The expected output is the full set of entries, retyped verbatim, pictures excluded.

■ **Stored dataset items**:
────────────────

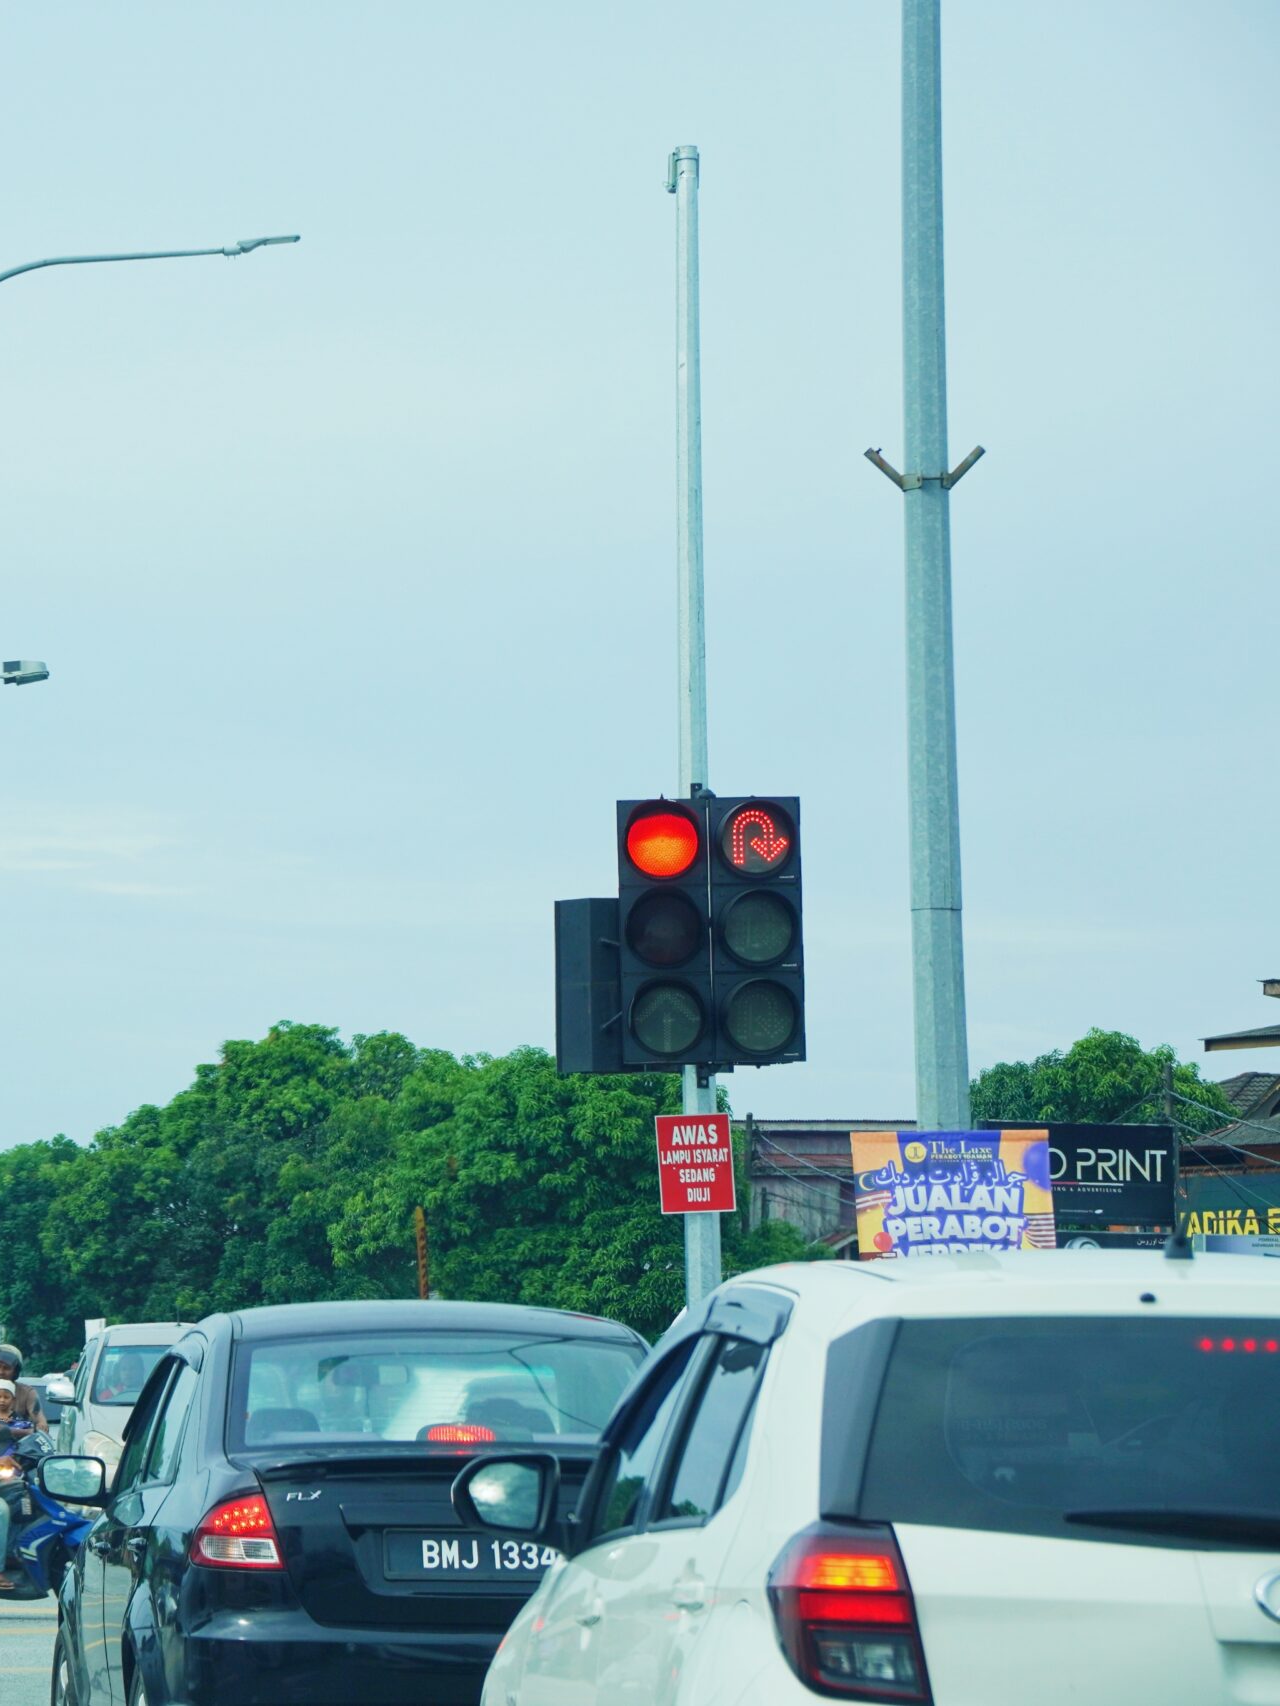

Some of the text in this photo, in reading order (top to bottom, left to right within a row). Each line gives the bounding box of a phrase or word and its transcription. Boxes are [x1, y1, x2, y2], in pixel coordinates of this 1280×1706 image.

[671, 1123, 718, 1146] AWAS
[660, 1147, 728, 1165] LAMPU ISYARAT
[928, 1140, 993, 1154] The Luxe
[1076, 1148, 1167, 1182] PRINT
[679, 1168, 716, 1183] SEDANG
[687, 1187, 710, 1202] DIUJI
[1077, 1186, 1123, 1194] ADVERTISING
[887, 1184, 1020, 1215] JUALAN
[886, 1214, 1024, 1243] PERABOT
[286, 1490, 321, 1502] FLX
[422, 1540, 556, 1569] BMJ 1334
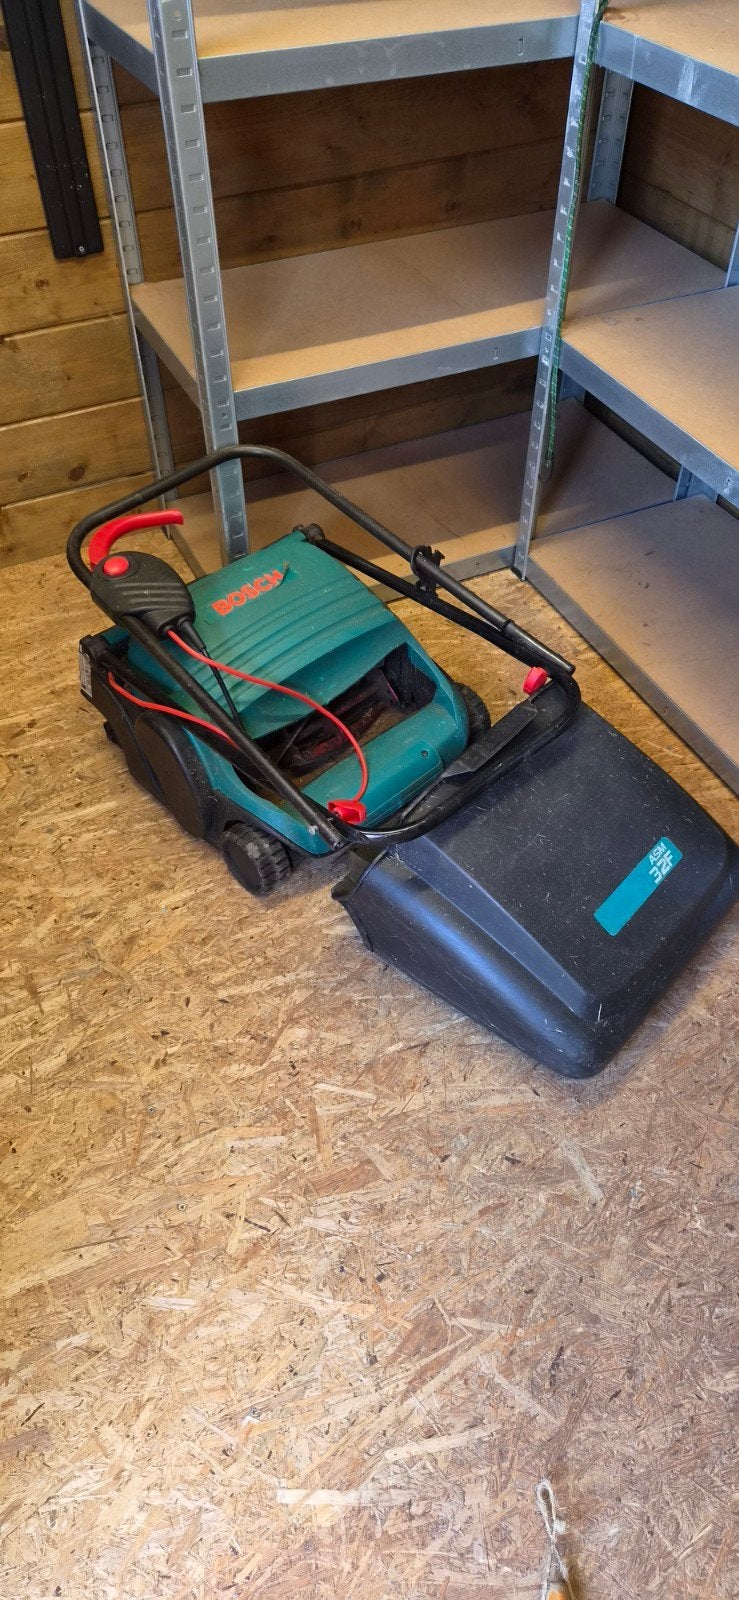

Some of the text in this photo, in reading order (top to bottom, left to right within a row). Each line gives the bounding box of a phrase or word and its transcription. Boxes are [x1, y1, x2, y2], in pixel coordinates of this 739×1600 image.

────────────────

■ **Response to this task**:
Some of the text in this photo, in reading order (top to bottom, left to right within a row). Each line gives the bounding box of a phrase or word and its transcription. Boxes are [x1, y1, x2, y2], in pixel coordinates of this 1280×1706 image.

[671, 1123, 718, 1146] AWAS
[660, 1147, 728, 1165] LAMPU ISYARAT
[928, 1140, 993, 1154] The Luxe
[1076, 1148, 1167, 1182] PRINT
[679, 1168, 716, 1183] SEDANG
[687, 1187, 710, 1202] DIUJI
[1077, 1186, 1123, 1194] ADVERTISING
[887, 1184, 1020, 1215] JUALAN
[886, 1214, 1024, 1243] PERABOT
[286, 1490, 321, 1502] FLX
[422, 1540, 556, 1569] BMJ 1334

Some of the text in this photo, in reading order (top to bottom, left to right within a row). Each line gives the bounding box of a phrase or word and its transcription. Boxes are [x1, y1, x2, y2], in pixel coordinates of this 739×1600 image.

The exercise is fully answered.